→ Exercise requirements
Copy every entry below exactly as it appears, leaving out the images.

→ Data records
----

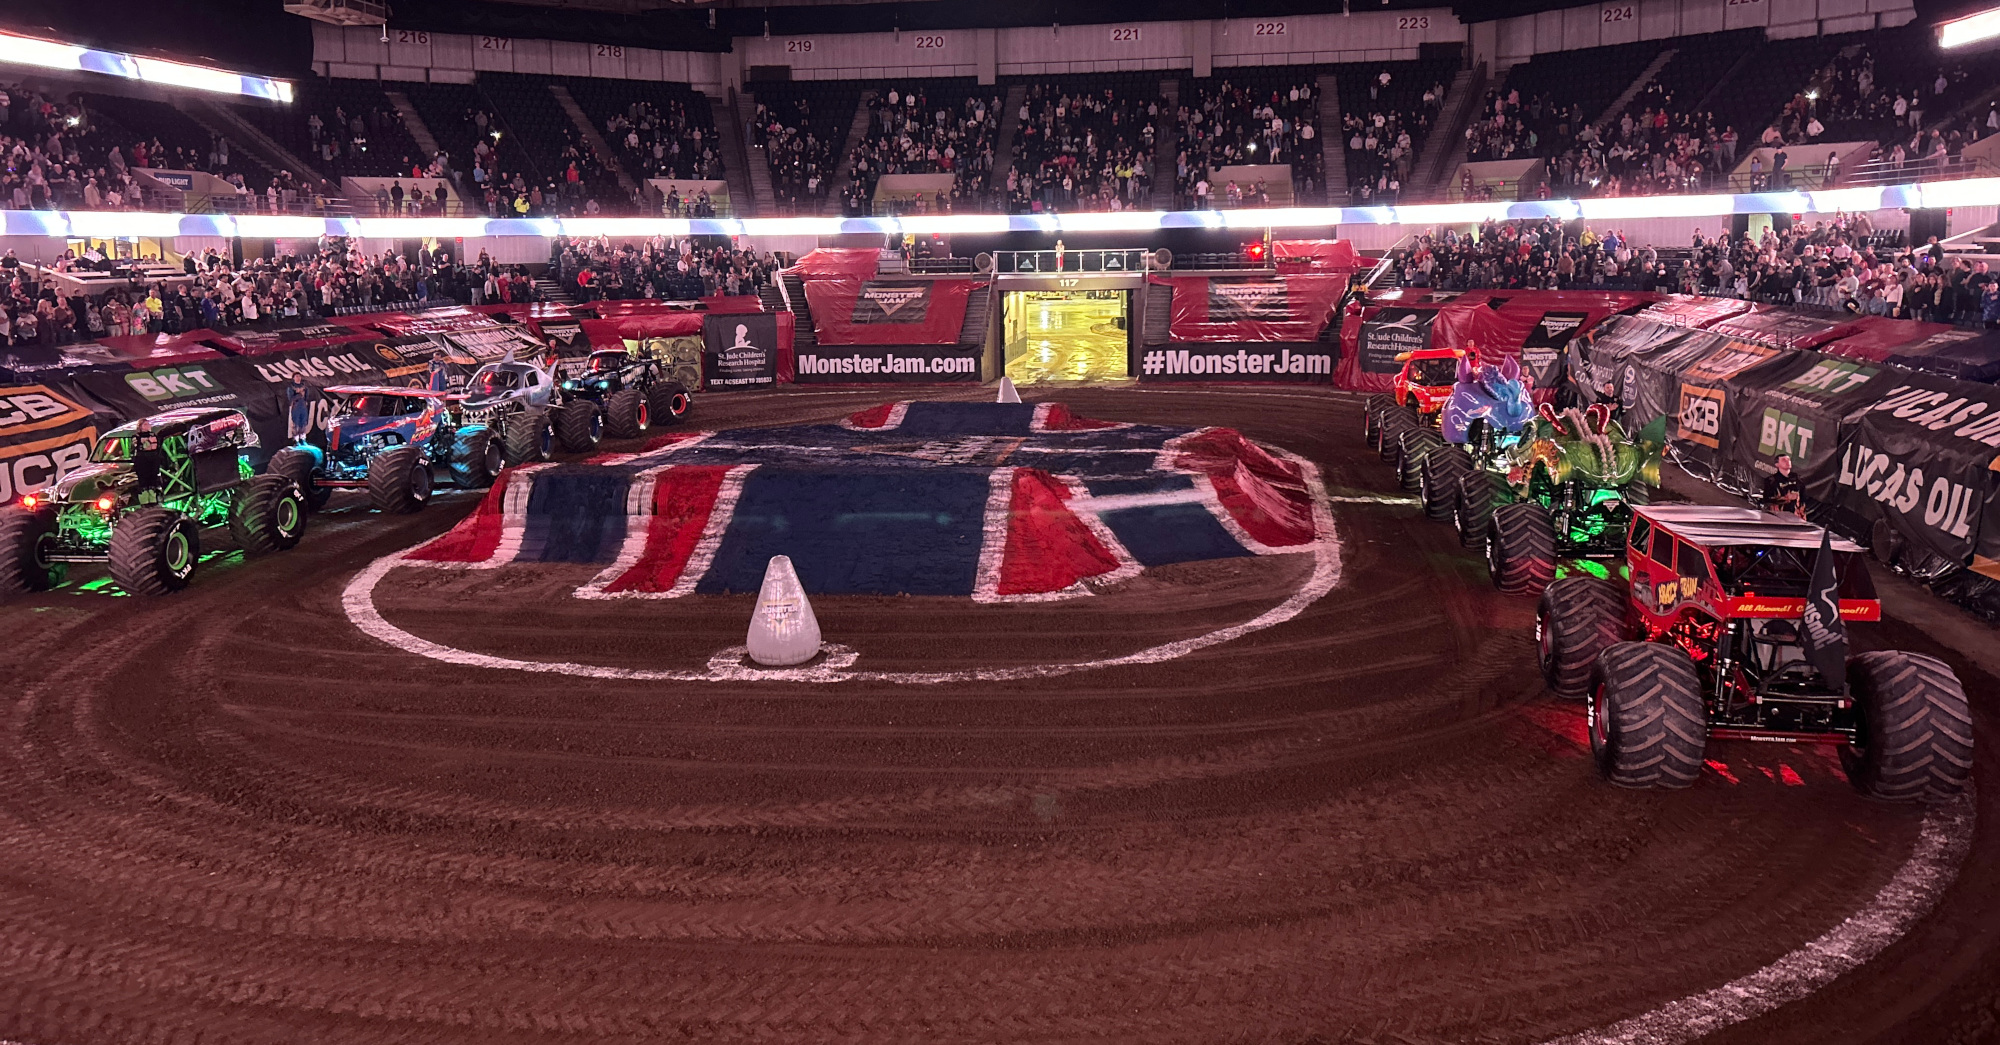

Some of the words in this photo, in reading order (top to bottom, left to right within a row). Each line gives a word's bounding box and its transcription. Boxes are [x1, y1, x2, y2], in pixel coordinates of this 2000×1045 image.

[1603, 8, 1633, 22] 224
[1256, 23, 1285, 35] 222
[1398, 17, 1429, 30] 223
[399, 31, 428, 44] 216
[1113, 28, 1139, 41] 221
[482, 37, 509, 50] 217
[788, 40, 812, 52] 219
[916, 36, 944, 49] 220
[597, 45, 622, 57] 218
[171, 178, 189, 186] LIGHT
[1059, 279, 1079, 287] 117
[1215, 287, 1279, 295] MONSTER
[1367, 332, 1376, 341] St.
[1375, 332, 1391, 342] Jude
[1391, 333, 1424, 344] Children's
[1367, 341, 1395, 351] Research
[717, 359, 744, 367] Research
[744, 358, 766, 367] Hospital
[726, 352, 739, 361] Jude
[738, 351, 766, 359] Children's
[1143, 349, 1331, 375] #MonsterJam
[254, 356, 335, 383] LUCAS
[327, 352, 372, 374] OIL
[798, 353, 976, 375] MonsterJam.com
[129, 370, 214, 396] BKT
[1791, 365, 1871, 394] BKT
[197, 393, 238, 406] TOGETHER
[0, 394, 69, 427] CB
[1681, 397, 1719, 436] JCB
[1761, 415, 1813, 460] BKT
[1838, 442, 1924, 515] LUCAS
[1924, 476, 1974, 540] OIL
[1737, 604, 1751, 613] All
[1753, 604, 1792, 613] Aboard!
[1587, 693, 1595, 728] BKT

----

→ Written answer
Some of the words in this photo, in reading order (top to bottom, left to right within a row). Each line gives a word's bounding box and its transcription. Boxes are [x1, y1, x2, y2], in pixel coordinates of this 2000×1045 image.

[1603, 8, 1633, 22] 224
[1256, 23, 1285, 35] 222
[1398, 17, 1429, 30] 223
[399, 31, 428, 44] 216
[1113, 28, 1139, 41] 221
[482, 37, 509, 50] 217
[788, 40, 812, 52] 219
[916, 36, 944, 49] 220
[597, 45, 622, 57] 218
[171, 178, 189, 186] LIGHT
[1059, 279, 1079, 287] 117
[1215, 287, 1279, 295] MONSTER
[1367, 332, 1376, 341] St.
[1375, 332, 1391, 342] Jude
[1391, 333, 1424, 344] Children's
[1367, 341, 1395, 351] Research
[717, 359, 744, 367] Research
[744, 358, 766, 367] Hospital
[726, 352, 739, 361] Jude
[738, 351, 766, 359] Children's
[1143, 349, 1331, 375] #MonsterJam
[254, 356, 335, 383] LUCAS
[327, 352, 372, 374] OIL
[798, 353, 976, 375] MonsterJam.com
[129, 370, 214, 396] BKT
[1791, 365, 1871, 394] BKT
[197, 393, 238, 406] TOGETHER
[0, 394, 69, 427] CB
[1681, 397, 1719, 436] JCB
[1761, 415, 1813, 460] BKT
[1838, 442, 1924, 515] LUCAS
[1924, 476, 1974, 540] OIL
[1737, 604, 1751, 613] All
[1753, 604, 1792, 613] Aboard!
[1587, 693, 1595, 728] BKT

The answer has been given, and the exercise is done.